(Records provided)
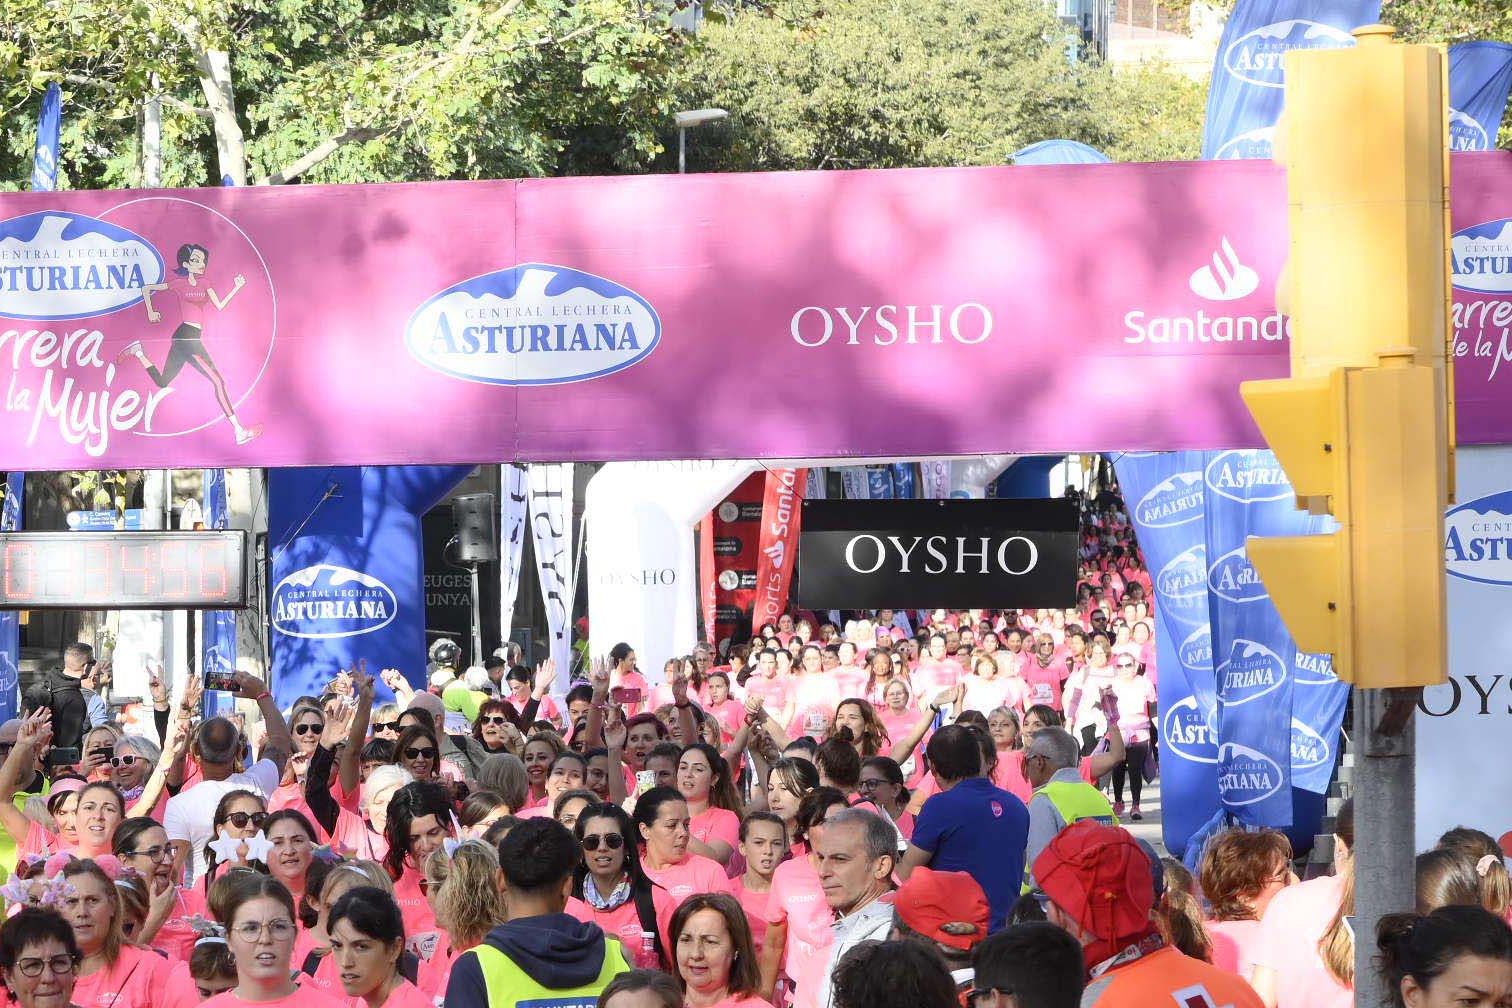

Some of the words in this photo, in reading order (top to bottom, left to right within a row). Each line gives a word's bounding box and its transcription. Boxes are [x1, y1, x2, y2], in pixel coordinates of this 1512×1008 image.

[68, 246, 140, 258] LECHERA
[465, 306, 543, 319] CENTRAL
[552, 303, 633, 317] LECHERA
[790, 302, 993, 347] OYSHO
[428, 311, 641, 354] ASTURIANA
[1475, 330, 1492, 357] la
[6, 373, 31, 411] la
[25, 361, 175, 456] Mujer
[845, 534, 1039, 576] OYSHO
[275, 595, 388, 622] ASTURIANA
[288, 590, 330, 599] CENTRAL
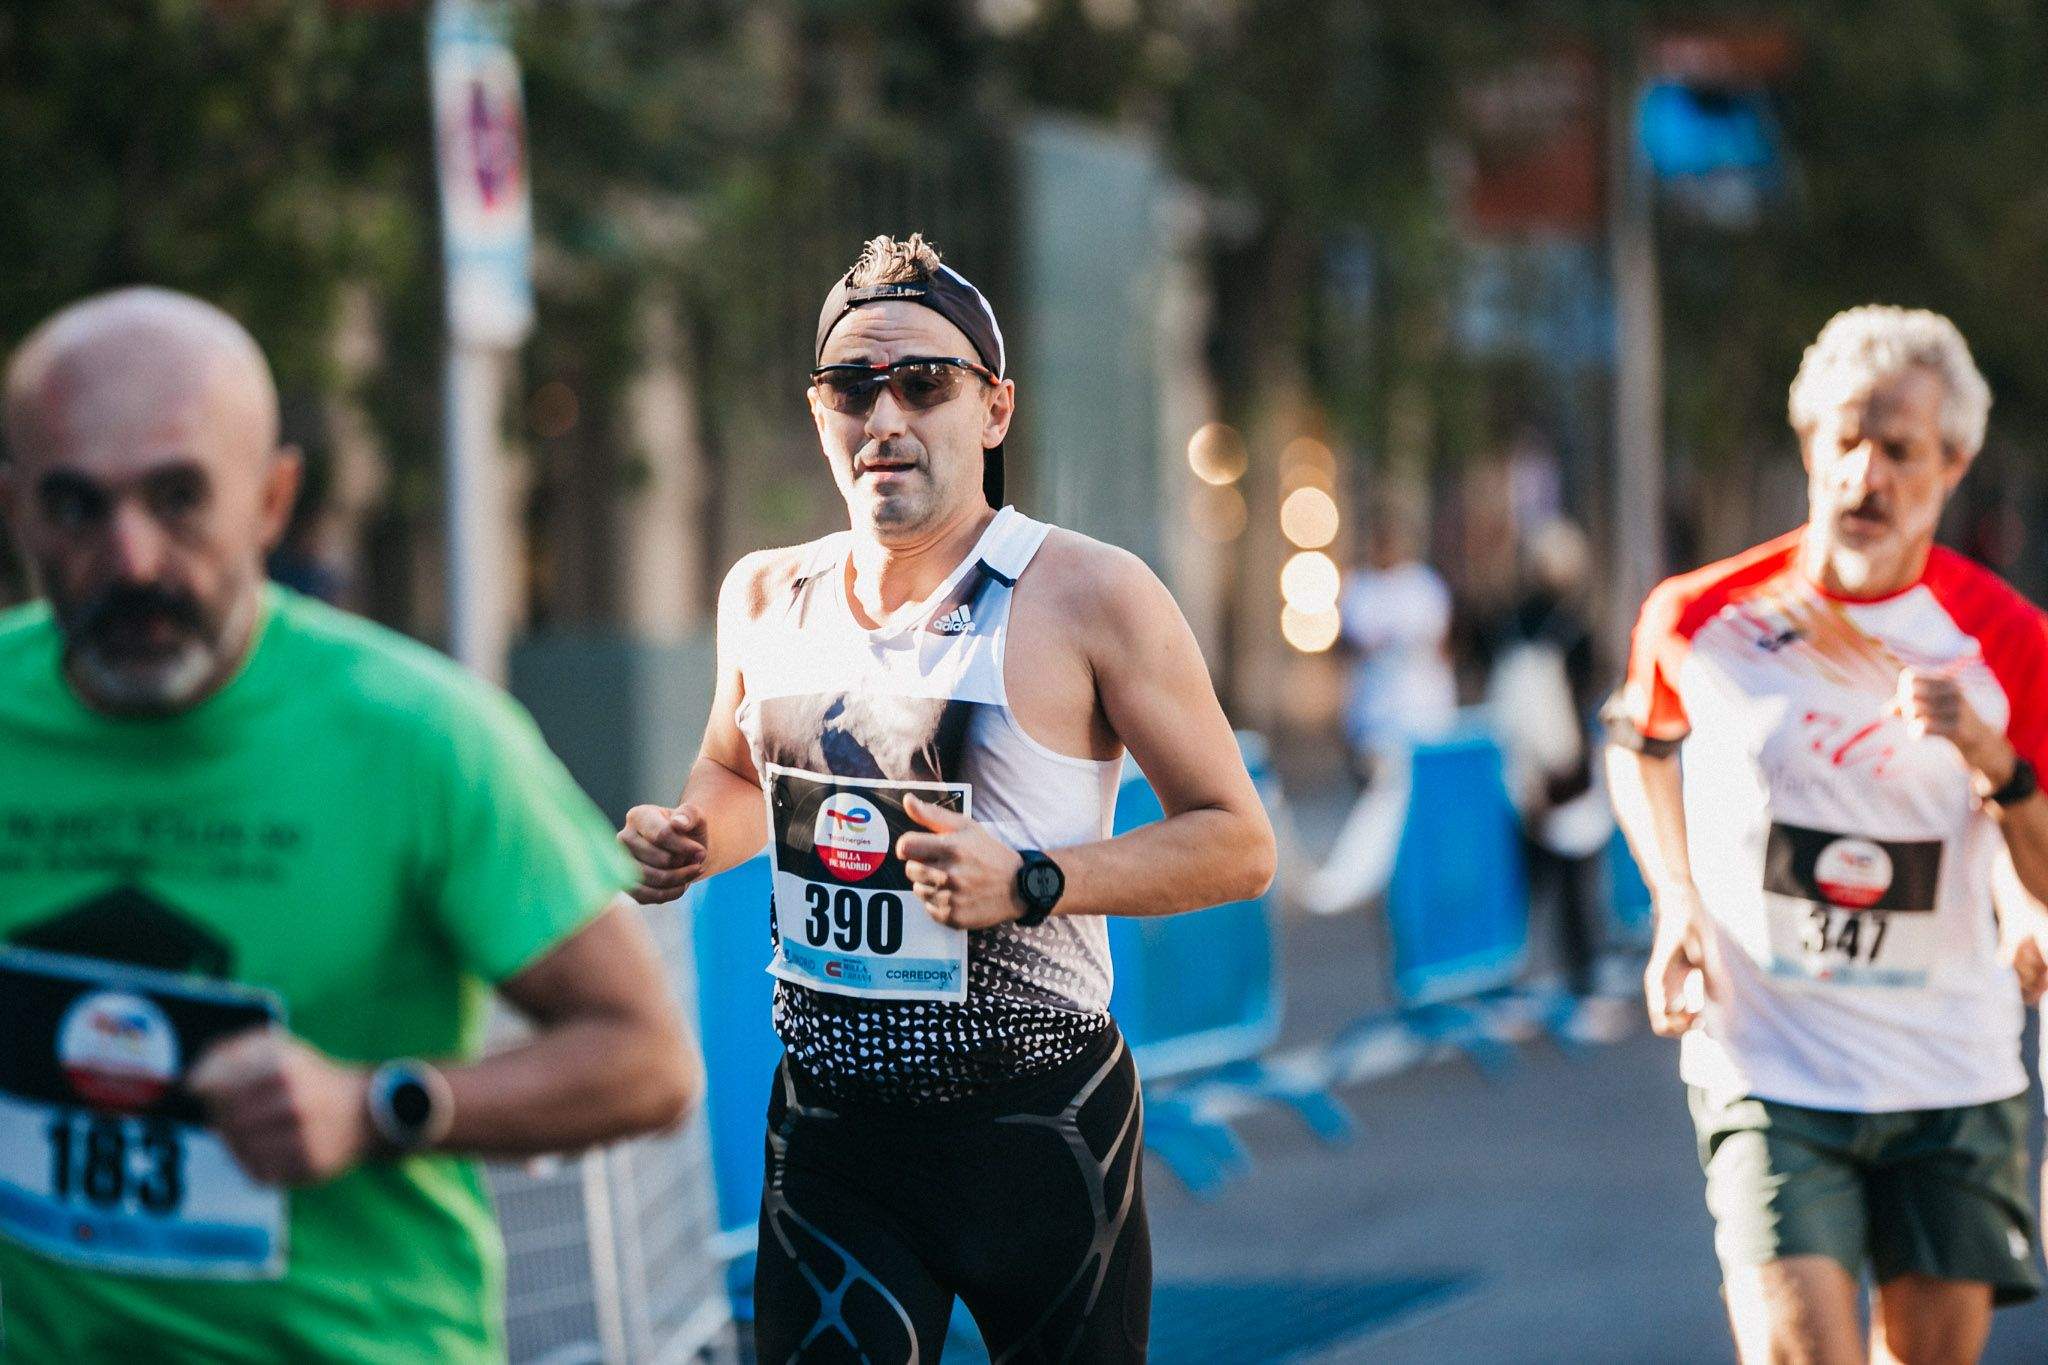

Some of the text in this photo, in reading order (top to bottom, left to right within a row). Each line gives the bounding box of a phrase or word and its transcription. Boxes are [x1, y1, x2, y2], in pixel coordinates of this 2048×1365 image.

(Task goal) Pictures omitted, give the entries again exactly.

(Exercise answer)
Some of the words in this photo, in reading order (top to bottom, left to right within a row). Each line gives a word's bounding box and its transcription. Boxes are [x1, y1, x2, y2], in pixel coordinates of this 1512×1008 image.

[68, 246, 140, 258] LECHERA
[465, 306, 543, 319] CENTRAL
[552, 303, 633, 317] LECHERA
[790, 302, 993, 347] OYSHO
[428, 311, 641, 354] ASTURIANA
[1475, 330, 1492, 357] la
[6, 373, 31, 411] la
[25, 361, 175, 456] Mujer
[845, 534, 1039, 576] OYSHO
[275, 595, 388, 622] ASTURIANA
[288, 590, 330, 599] CENTRAL

Some of the text in this photo, in reading order (top to bottom, left to right within a row). Each line gives the bounding box of a phrase or word and its transcription. Boxes are [x1, y1, x2, y2], in pixel coordinates of this 2048×1365 image.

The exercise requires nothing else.